[Dataset entries]:

[Start of Attachment]

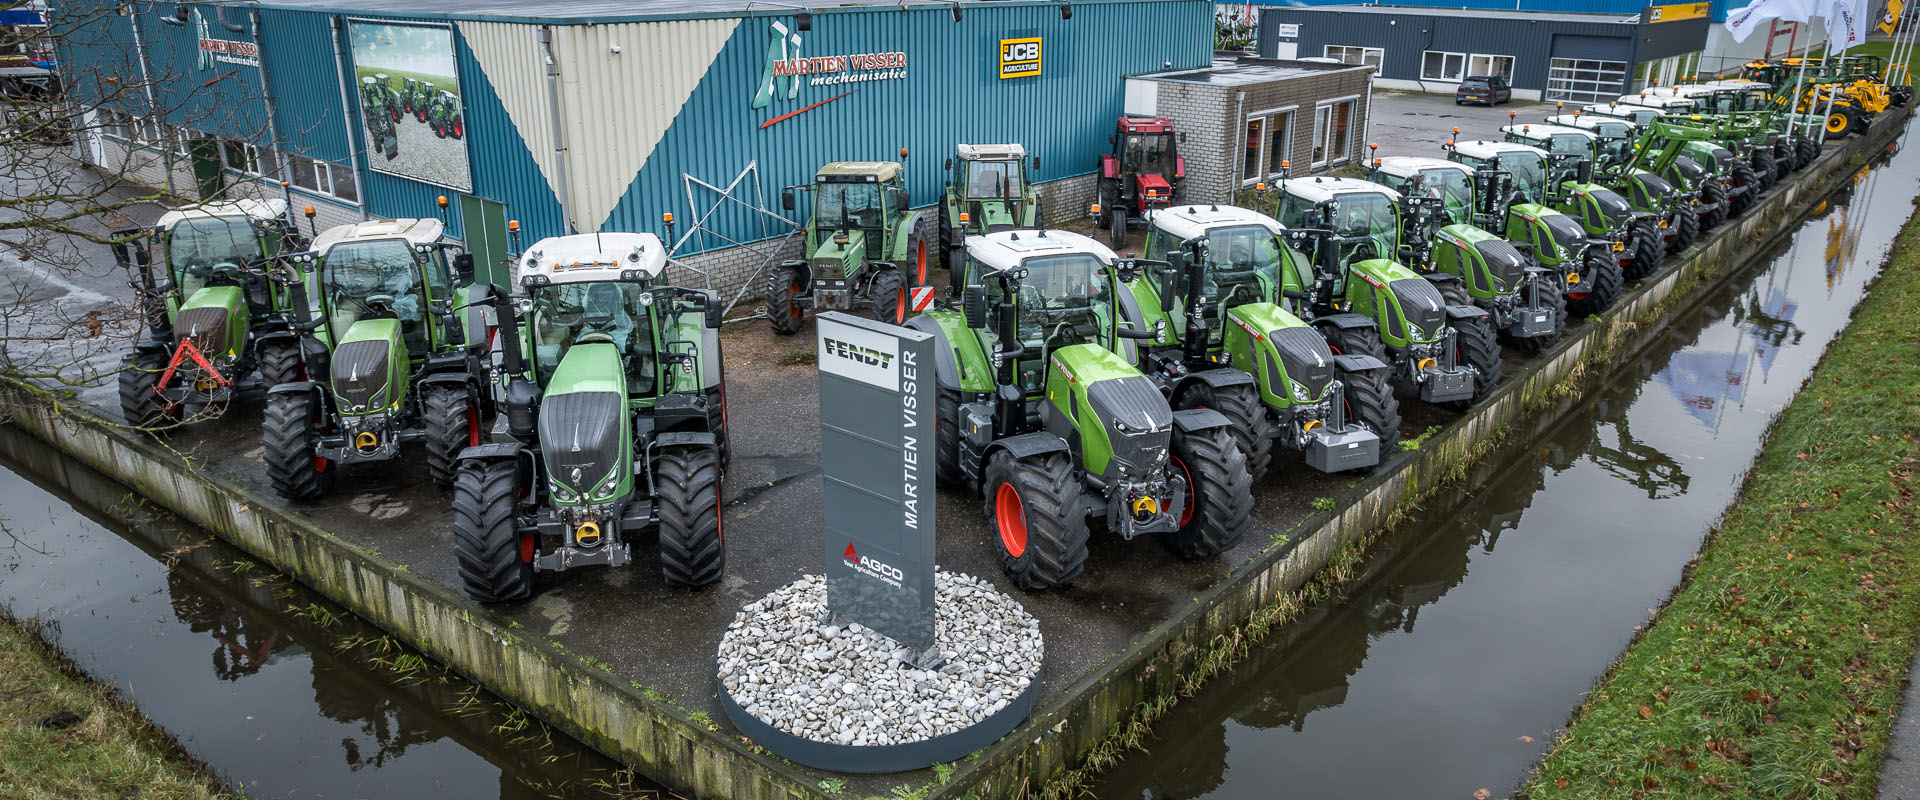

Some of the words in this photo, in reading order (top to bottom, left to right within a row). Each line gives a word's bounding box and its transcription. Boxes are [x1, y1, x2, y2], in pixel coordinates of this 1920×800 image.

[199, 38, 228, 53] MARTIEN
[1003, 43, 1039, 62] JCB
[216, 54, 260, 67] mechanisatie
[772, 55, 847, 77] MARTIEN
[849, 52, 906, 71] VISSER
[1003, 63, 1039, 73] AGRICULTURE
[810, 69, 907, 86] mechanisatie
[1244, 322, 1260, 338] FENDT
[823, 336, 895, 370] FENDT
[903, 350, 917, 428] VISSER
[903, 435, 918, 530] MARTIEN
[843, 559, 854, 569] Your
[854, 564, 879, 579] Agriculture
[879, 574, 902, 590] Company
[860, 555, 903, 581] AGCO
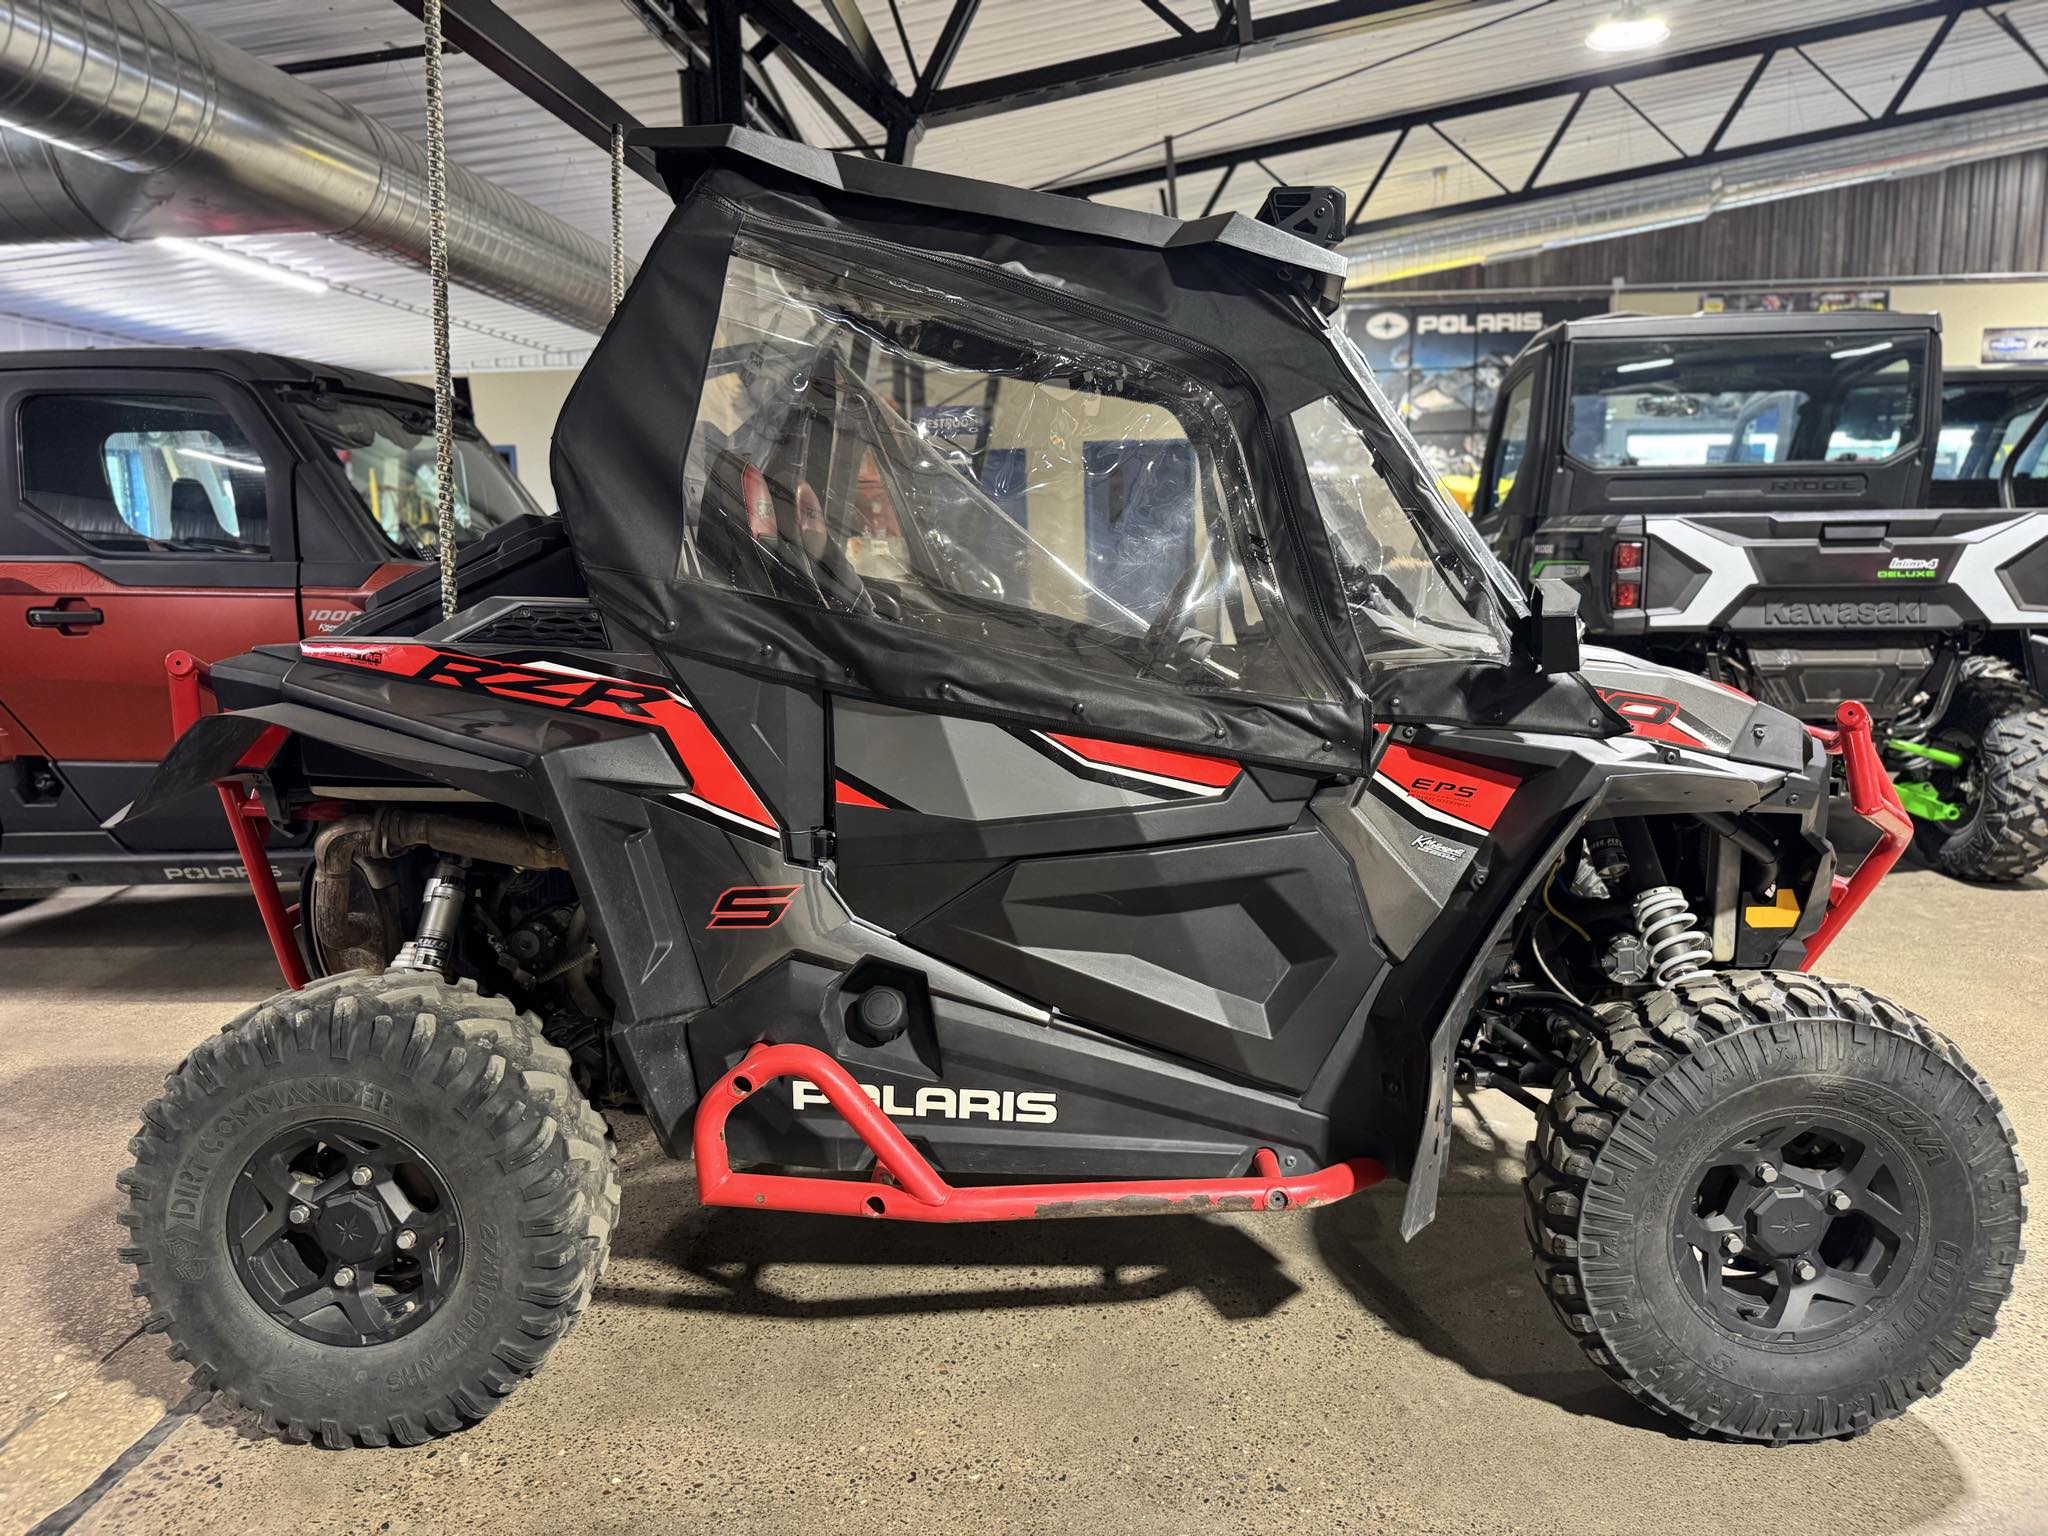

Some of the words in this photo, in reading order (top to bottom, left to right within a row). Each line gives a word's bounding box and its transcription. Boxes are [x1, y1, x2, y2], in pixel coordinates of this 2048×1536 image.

[End of Attachment]

[INSTRUCTIONS TO FOLLOW]: Set down all of the entries exactly as they appear, but keep the images out.

[EXERCISE RESPONSE]:
Some of the words in this photo, in reading order (top to bottom, left to right within a row). Each line gives a word's bounding box and its transcription. Boxes are [x1, y1, x2, y2], in pixel coordinates of this 1920×800 image.

[199, 38, 228, 53] MARTIEN
[1003, 43, 1039, 62] JCB
[216, 54, 260, 67] mechanisatie
[772, 55, 847, 77] MARTIEN
[849, 52, 906, 71] VISSER
[1003, 63, 1039, 73] AGRICULTURE
[810, 69, 907, 86] mechanisatie
[1244, 322, 1260, 338] FENDT
[823, 336, 895, 370] FENDT
[903, 350, 917, 428] VISSER
[903, 435, 918, 530] MARTIEN
[843, 559, 854, 569] Your
[854, 564, 879, 579] Agriculture
[879, 574, 902, 590] Company
[860, 555, 903, 581] AGCO

Some of the words in this photo, in reading order (top to bottom, left to right within a row). Each line gives a word's bounding box and its transcription. Boxes are [x1, y1, x2, y2], in pixel coordinates of this 2048×1536 image.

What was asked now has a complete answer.